#### EXTRACTED DATA

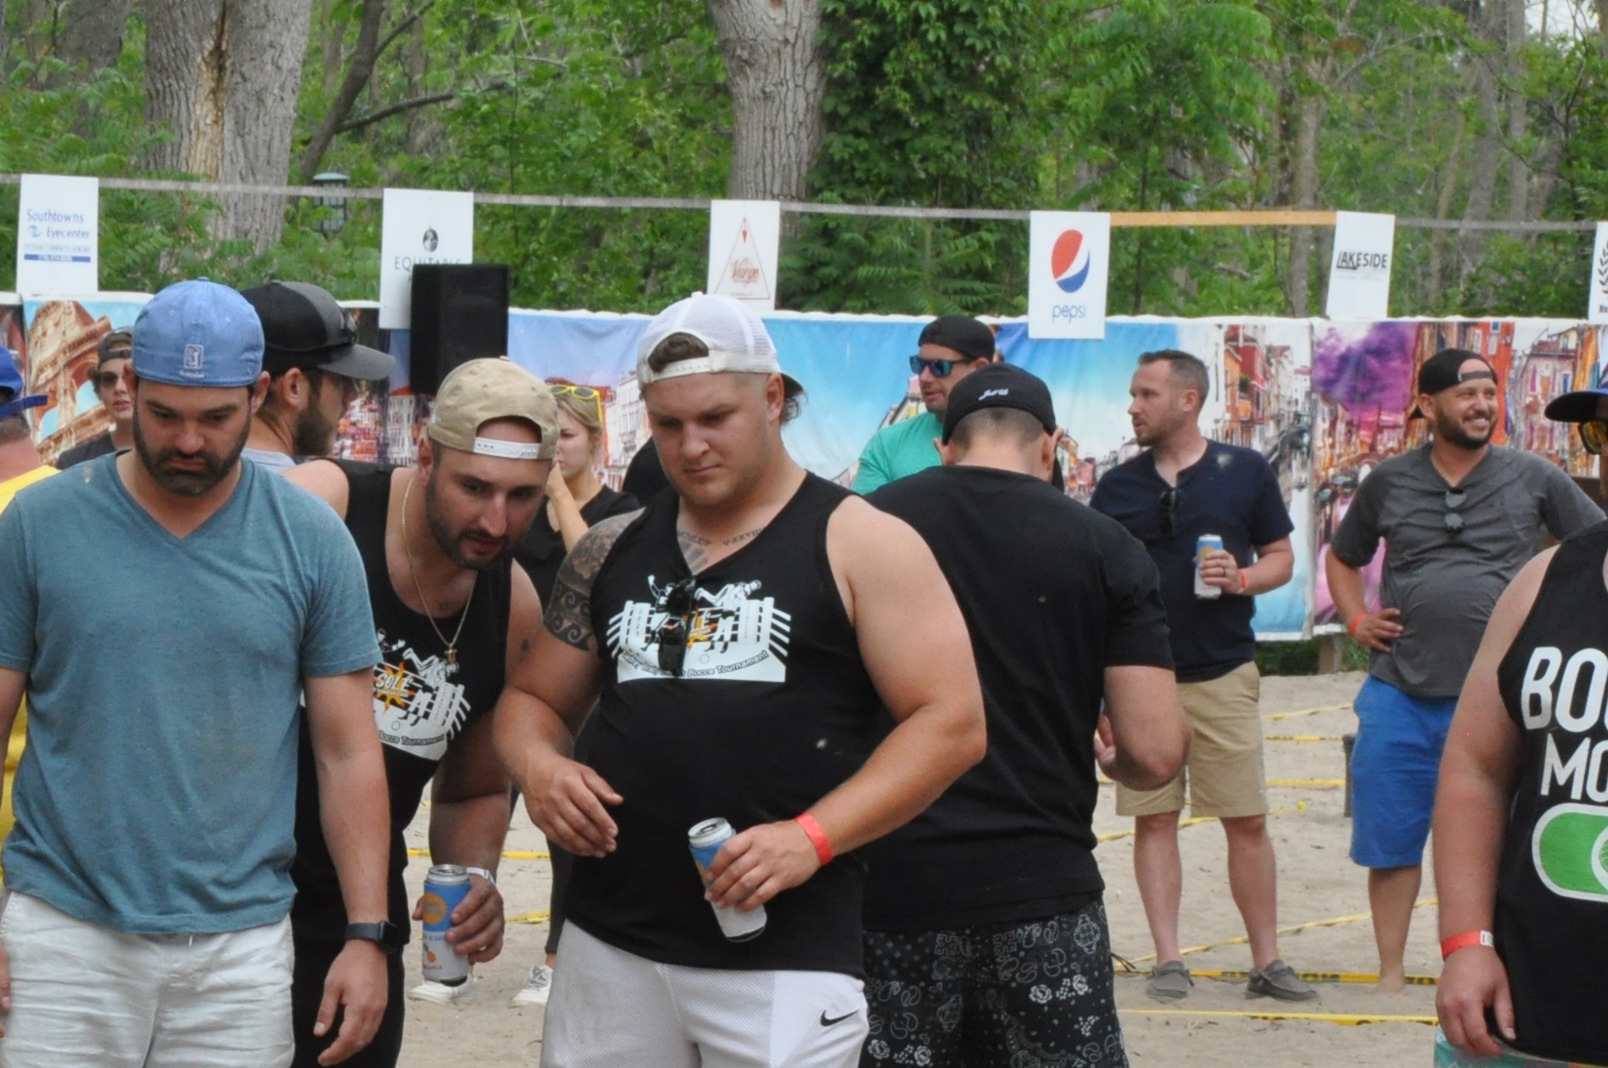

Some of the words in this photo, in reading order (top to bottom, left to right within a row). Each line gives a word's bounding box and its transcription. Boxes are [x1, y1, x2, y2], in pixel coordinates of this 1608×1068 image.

[26, 208, 84, 224] Southtowns
[47, 226, 90, 241] Eyecenter
[1336, 251, 1388, 270] LAKESIDE
[1052, 304, 1086, 323] pepsi
[716, 648, 770, 675] Tournament
[1521, 647, 1608, 732] BO
[401, 733, 446, 746] Tournament
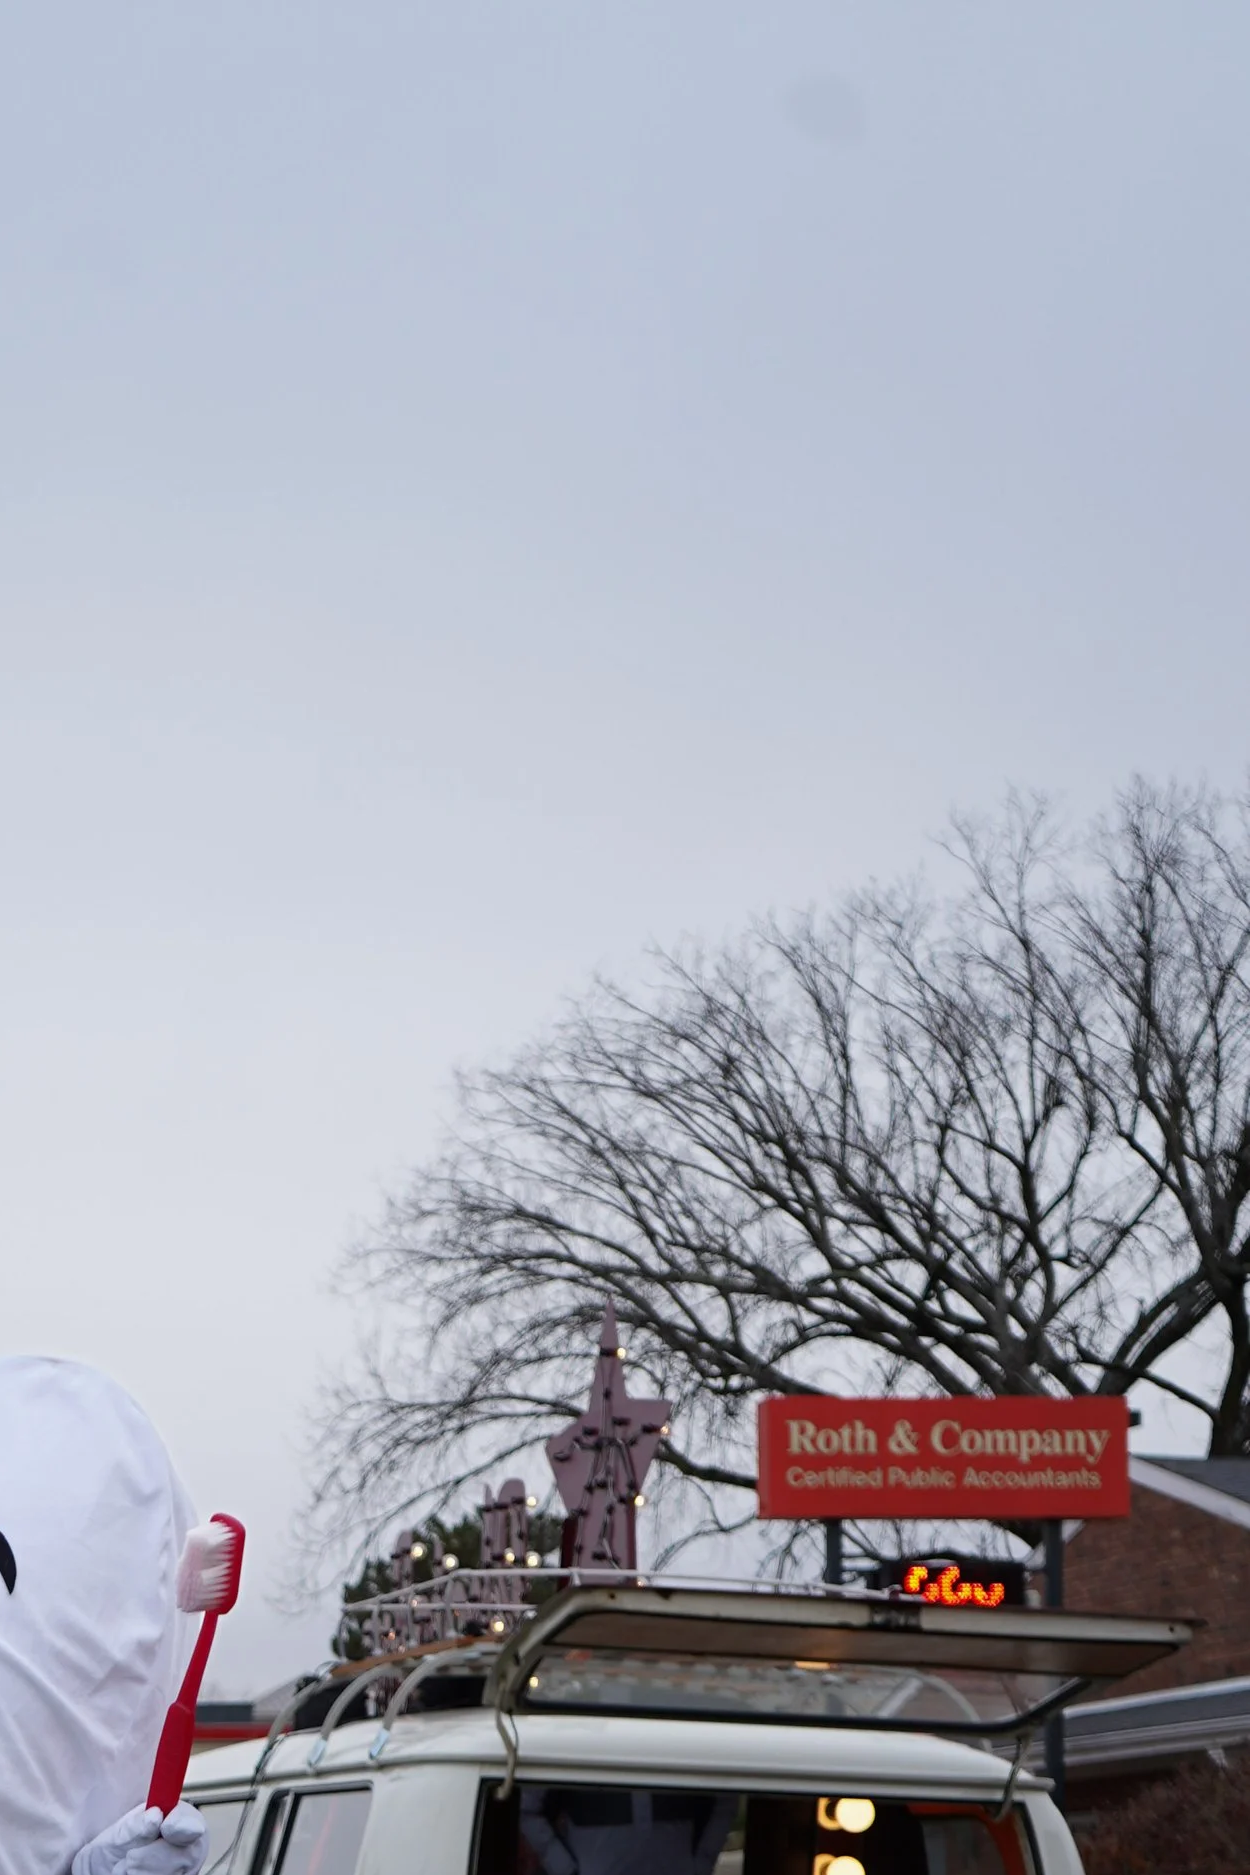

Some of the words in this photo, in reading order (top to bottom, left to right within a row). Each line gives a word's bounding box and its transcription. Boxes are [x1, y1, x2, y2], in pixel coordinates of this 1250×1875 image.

#### WHAT YOU ARE ASKED TO DO
Repeat the entries faithfully. Any picture gets left out.

#### THE ANSWER
Some of the words in this photo, in reading order (top to bottom, left to right within a row). Each line gives a word's bounding box and its transcription. Boxes are [x1, y1, x2, y2], in pixel coordinates of this 1608×1068 image.

[26, 208, 84, 224] Southtowns
[47, 226, 90, 241] Eyecenter
[1336, 251, 1388, 270] LAKESIDE
[1052, 304, 1086, 323] pepsi
[716, 648, 770, 675] Tournament
[1521, 647, 1608, 732] BO
[401, 733, 446, 746] Tournament

Some of the words in this photo, in reading order (top to bottom, left to right within a row). Each line gives a word's bounding box and its transcription. Boxes are [x1, y1, x2, y2], in pixel coordinates of this 1250×1875 image.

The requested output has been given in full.